Students and administrators of the Residence Hall Association and Student Apartment Community Council have plans to complete a long overdue merge by the end of the 2016 spring quarter, marking a big step in the future of the University of California, Santa Barbara’s growing community of university owned housing.
In a series of town hall meetings, student leaders of RHA and SACC are reaching out to those affected by the proposed merge by giving residents of both residence halls and university apartments a breakdown of current structural entities, the proposed changes and the further benefits this merge will provide.
A meeting was hosted in the Santa Rosa Lounge to an audience of Chi-5 freshmen on Wed., Nov. 4, the first of four town hall meetings to be held throughout the month of November. Matilda Mead, RHA president, spearheaded the meeting with the help of several other members on both RHA and SACC executive boards.

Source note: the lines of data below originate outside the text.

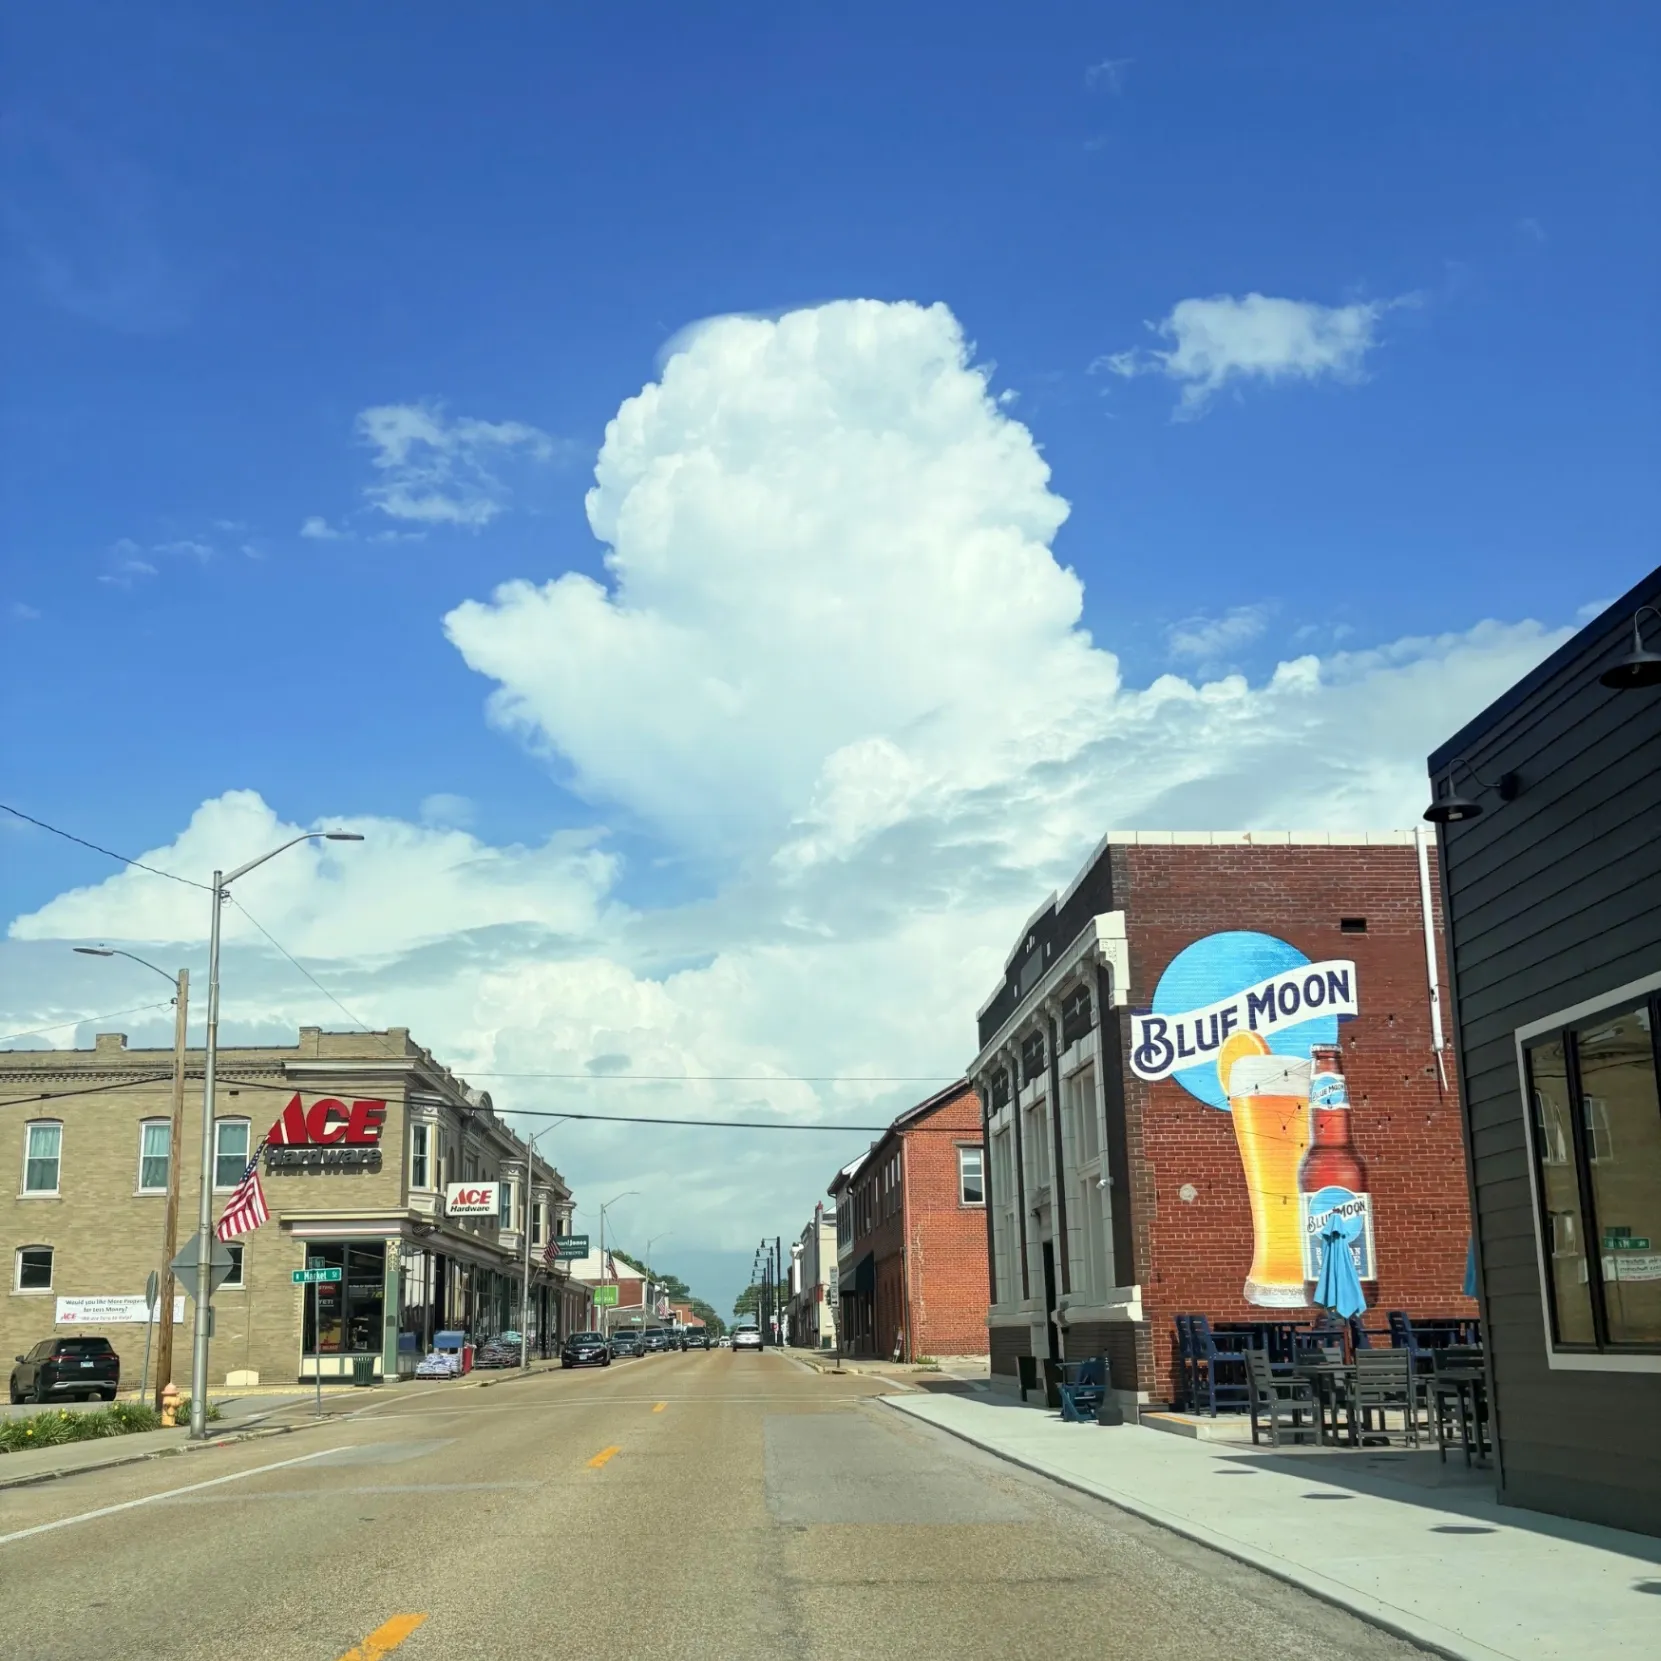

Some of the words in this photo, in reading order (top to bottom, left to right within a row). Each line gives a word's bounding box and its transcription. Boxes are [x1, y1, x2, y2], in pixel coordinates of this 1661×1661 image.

[1134, 1005, 1238, 1073] BLUE
[1246, 970, 1350, 1030] MOON
[264, 1091, 387, 1145] ACE
[263, 1146, 382, 1166] Hardware
[451, 1188, 493, 1205] ACE
[304, 1271, 327, 1281] Market
[331, 1270, 338, 1278] St

“RHA currently services thousands of students within the Chi-5, Westside and Santa Catalina dorms,” Mead said in the presentation’s opening. “Our ultimate goal in completing this merge is to extend our influence and reach out to every student that needs us.”
So far, the Residence Hall Association has done its best to reach out to students of all years and living situations. The annual Week of Welcome, a marathon of events that this year included movie screenings, club festivals and hypnotist shows, set an all time record with over 27,500 students in attendance after months of preparation.
On a day-to-day basis, the Residence Hall Association primarily serves first and second year students within the Chi-5 (Anacapa, Santa Rosa, Santa Cruz, San Nicolas, and San Miguel), Farside (Manzanita and San Rafael), and Westside (Santa Catalina and Sierra Madre). The SACC serves third and fourth year students in Westwinds, El Dorado and Santa Ynez Apartments.
The main responsibility of both organizations is the planning of events that encourage unity within community living spaces, as well as offering alternatives for students who want to take a break from the party culture of Isla Vista.
Under the proposed merge, SACC and RHA will continue to do fulfill their responsibilities, but with increased funding, resources, representation, collaboration and access to a larger, more diverse body of UCSB students. SACC, which functions now as a large hall council with an executive board, an Associated Students senator and representatives from each cluster, will be absorbed into the current RHA structure to form the new Residential Housing Association under the same RHA acronym.
By joining forces to form one large umbrella organization, RHA and SACC executive board members are excited to better appeal to the needs of upper-division and transfer students.
“Transfer students are like first years in many ways,” fourth year anthropology major Courtney Simpson said. Simpson drew upon her own experience as a transfer student as a means of advocating in favor of the merge. “I personally found it difficult at first to find leadership opportunities. This new Residential Housing Association will offer transfer students more opportunities to lead within the community, and better represent their unique position and opinions.”
The projected plan for this year is a SACC council-wide vote regarding the merge with RHA by the end of this fall quarter. The current Residence Hall Association will amend and adopt by-laws, which SACC will then vote to adopt during winter quarter. By spring quarter of 2016, RHA and SACC will be officially merged, and students living in university housing will vote for the 2016-2017 leaders of the new Residential Housing Association. San Joaquin and the newly acquired Tropicana dorms will be inducted into the organization within the next couple of years.
In the meantime, SACC and RHA are excited for what the upcoming year holds. For SACC, that means sailing trips, movie nights and community bonding. For RHA, that means All-Hall Brawl, All-Hall Ball and even the newly proposed All-Hall Goats (like dog therapy day… but with goats), which, even in its initial planning phases, is sure to entertain both freshmen and fourth years alike.